| DATA LISTING |
==*==
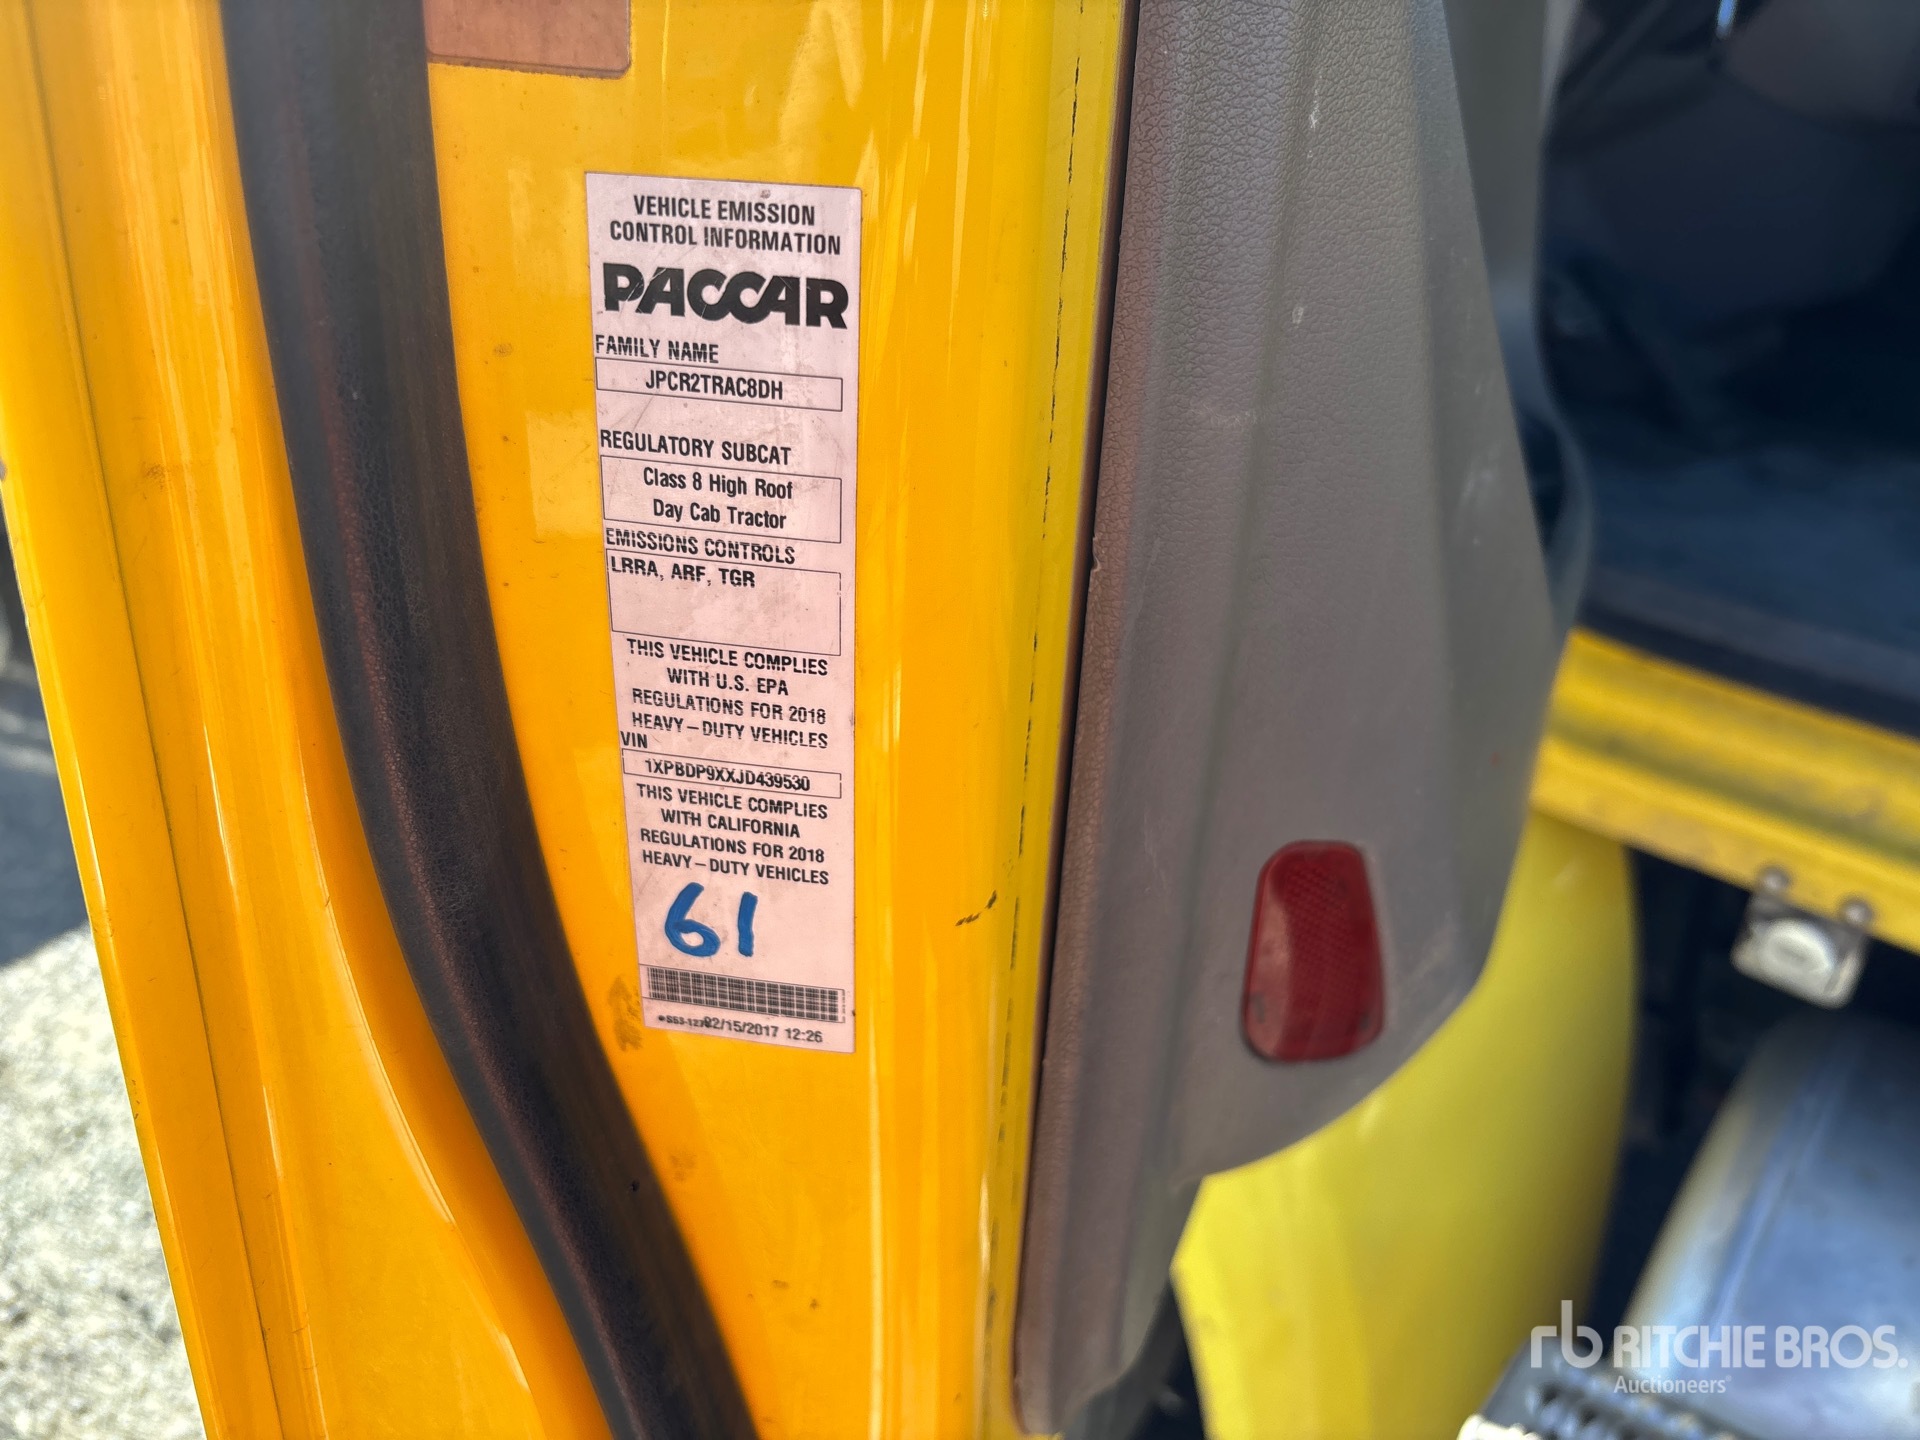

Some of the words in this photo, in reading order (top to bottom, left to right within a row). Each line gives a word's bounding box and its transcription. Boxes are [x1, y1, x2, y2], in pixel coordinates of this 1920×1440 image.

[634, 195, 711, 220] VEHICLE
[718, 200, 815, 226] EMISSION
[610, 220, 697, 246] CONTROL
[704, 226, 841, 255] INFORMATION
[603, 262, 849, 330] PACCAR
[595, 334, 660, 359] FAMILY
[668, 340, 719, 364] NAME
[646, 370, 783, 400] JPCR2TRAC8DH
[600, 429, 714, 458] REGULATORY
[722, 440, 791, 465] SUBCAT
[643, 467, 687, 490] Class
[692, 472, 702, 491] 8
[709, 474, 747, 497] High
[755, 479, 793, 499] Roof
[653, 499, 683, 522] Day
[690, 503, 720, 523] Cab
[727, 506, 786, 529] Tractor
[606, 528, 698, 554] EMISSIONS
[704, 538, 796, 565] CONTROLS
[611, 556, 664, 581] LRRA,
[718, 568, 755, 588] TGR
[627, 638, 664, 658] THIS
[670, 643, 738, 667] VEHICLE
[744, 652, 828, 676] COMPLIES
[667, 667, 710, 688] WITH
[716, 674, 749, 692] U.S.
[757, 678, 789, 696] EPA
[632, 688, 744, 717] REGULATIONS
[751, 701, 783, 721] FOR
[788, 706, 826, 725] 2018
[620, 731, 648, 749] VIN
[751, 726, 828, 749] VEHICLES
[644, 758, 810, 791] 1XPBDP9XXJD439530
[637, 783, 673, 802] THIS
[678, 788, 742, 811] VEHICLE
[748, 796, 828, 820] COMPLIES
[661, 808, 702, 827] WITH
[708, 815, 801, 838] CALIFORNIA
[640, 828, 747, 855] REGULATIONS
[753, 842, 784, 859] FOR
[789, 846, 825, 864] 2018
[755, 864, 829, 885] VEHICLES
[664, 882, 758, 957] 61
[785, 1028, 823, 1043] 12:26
==*==
| ASSIGNED TASK |
Output every line above exactly as it stands, and drop any picture.

| OUTPUT |
Some of the words in this photo, in reading order (top to bottom, left to right within a row). Each line gives a word's bounding box and its transcription. Boxes are [x1, y1, x2, y2], in pixel coordinates of this 1920×1440 image.

[634, 195, 711, 220] VEHICLE
[718, 200, 815, 226] EMISSION
[610, 220, 697, 246] CONTROL
[704, 226, 841, 255] INFORMATION
[603, 262, 849, 330] PACCAR
[595, 334, 660, 359] FAMILY
[668, 340, 719, 364] NAME
[646, 370, 783, 400] JPCR2TRAC8DH
[600, 429, 714, 458] REGULATORY
[722, 440, 791, 465] SUBCAT
[643, 467, 687, 490] Class
[692, 472, 702, 491] 8
[709, 474, 747, 497] High
[755, 479, 793, 499] Roof
[653, 499, 683, 522] Day
[690, 503, 720, 523] Cab
[727, 506, 786, 529] Tractor
[606, 528, 698, 554] EMISSIONS
[704, 538, 796, 565] CONTROLS
[611, 556, 664, 581] LRRA,
[718, 568, 755, 588] TGR
[627, 638, 664, 658] THIS
[670, 643, 738, 667] VEHICLE
[744, 652, 828, 676] COMPLIES
[667, 667, 710, 688] WITH
[716, 674, 749, 692] U.S.
[757, 678, 789, 696] EPA
[632, 688, 744, 717] REGULATIONS
[751, 701, 783, 721] FOR
[788, 706, 826, 725] 2018
[620, 731, 648, 749] VIN
[751, 726, 828, 749] VEHICLES
[644, 758, 810, 791] 1XPBDP9XXJD439530
[637, 783, 673, 802] THIS
[678, 788, 742, 811] VEHICLE
[748, 796, 828, 820] COMPLIES
[661, 808, 702, 827] WITH
[708, 815, 801, 838] CALIFORNIA
[640, 828, 747, 855] REGULATIONS
[753, 842, 784, 859] FOR
[789, 846, 825, 864] 2018
[755, 864, 829, 885] VEHICLES
[664, 882, 758, 957] 61
[785, 1028, 823, 1043] 12:26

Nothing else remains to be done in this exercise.